Collected data:
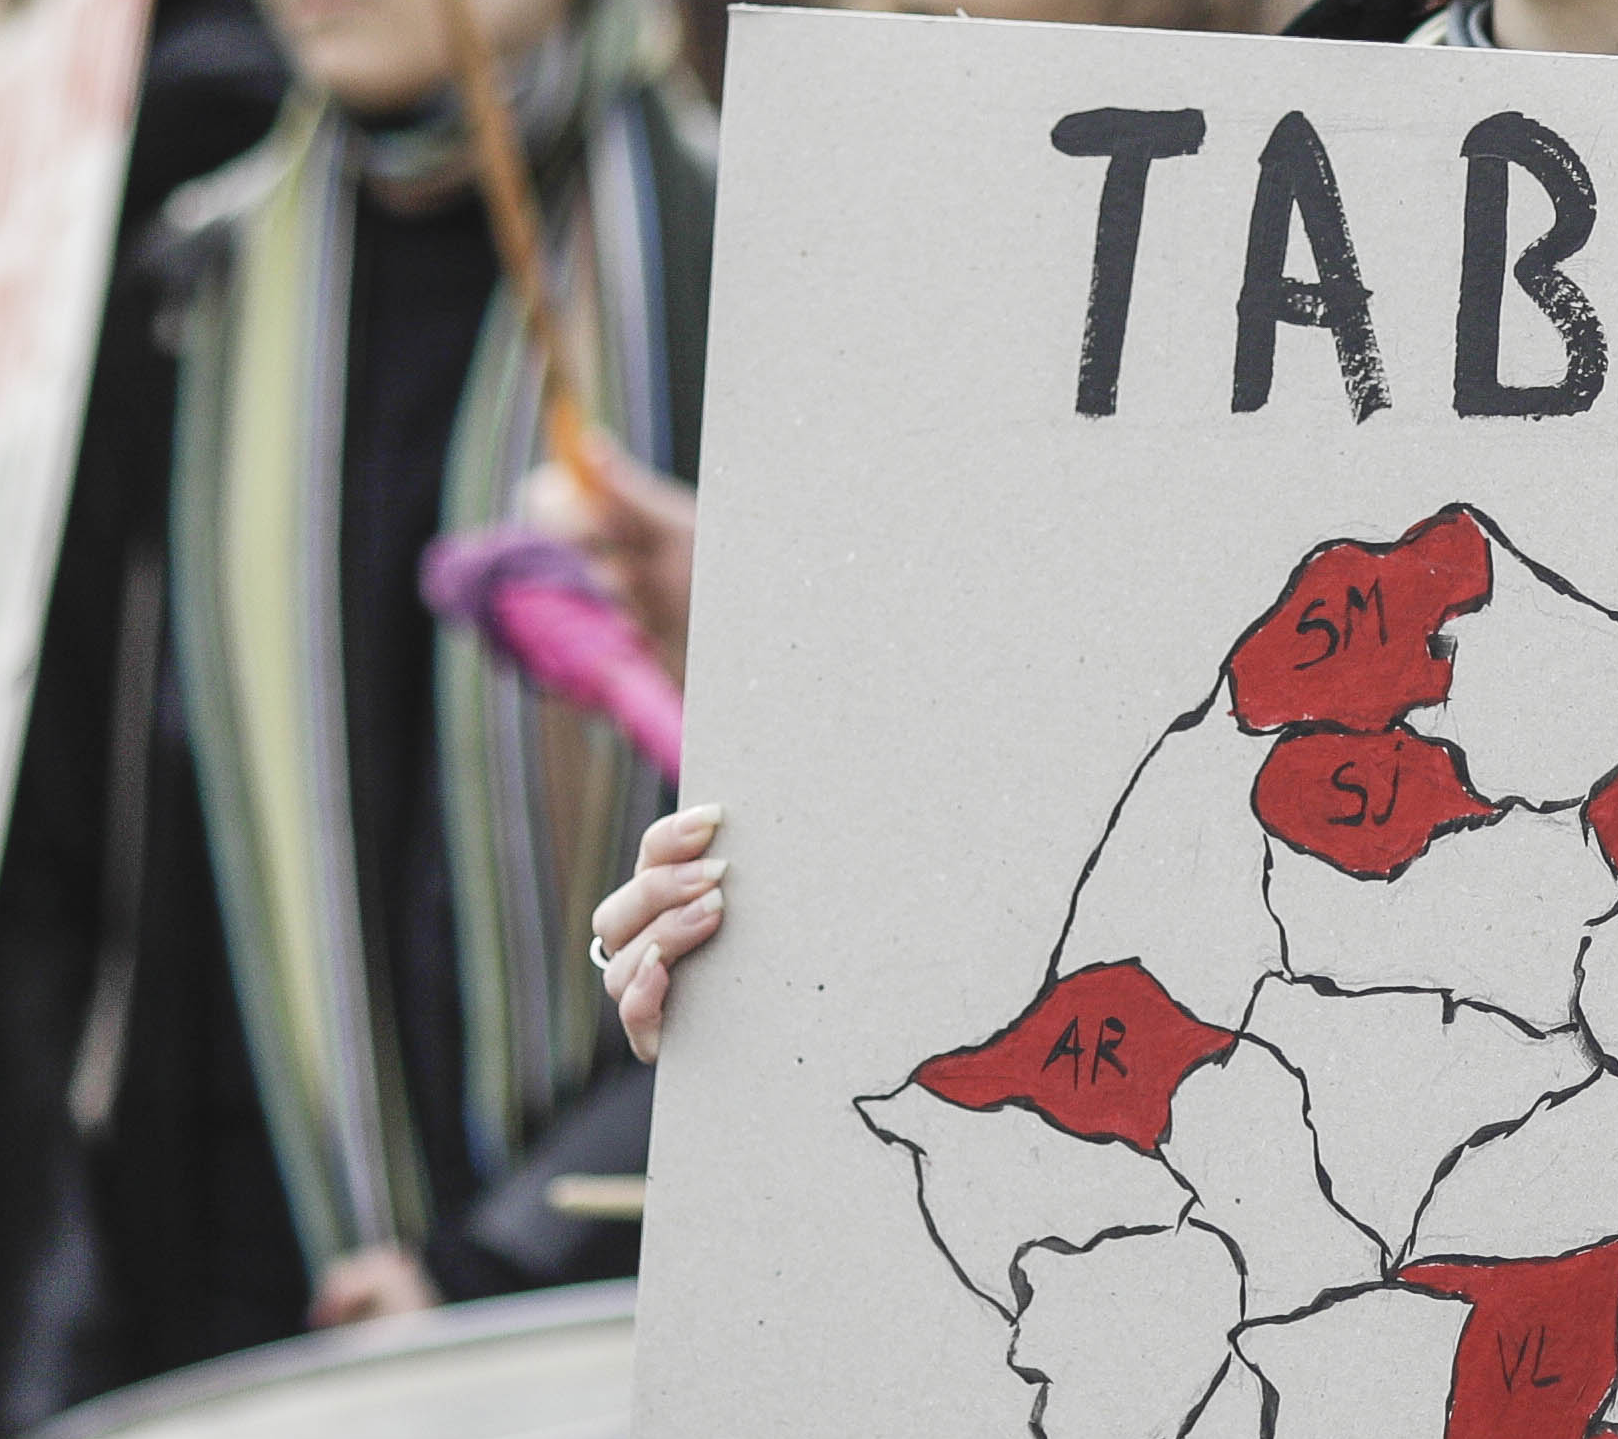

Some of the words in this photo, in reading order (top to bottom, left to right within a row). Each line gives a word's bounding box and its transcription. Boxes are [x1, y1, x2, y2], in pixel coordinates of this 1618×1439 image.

[1294, 578, 1387, 670] SM
[1327, 740, 1405, 826] SJ
[1040, 1015, 1130, 1091] AR
[1495, 1323, 1562, 1395] VL

TASK INSTRUCTIONS: Without the pictures, return each entry exactly as given.

EXERCISE RESULT:
Some of the words in this photo, in reading order (top to bottom, left to right within a row). Each line gives a word's bounding box and its transcription. Boxes are [x1, y1, x2, y2], in pixel coordinates of this 1618×1439 image.

[1294, 578, 1387, 670] SM
[1327, 740, 1405, 826] SJ
[1040, 1015, 1130, 1091] AR
[1495, 1323, 1562, 1395] VL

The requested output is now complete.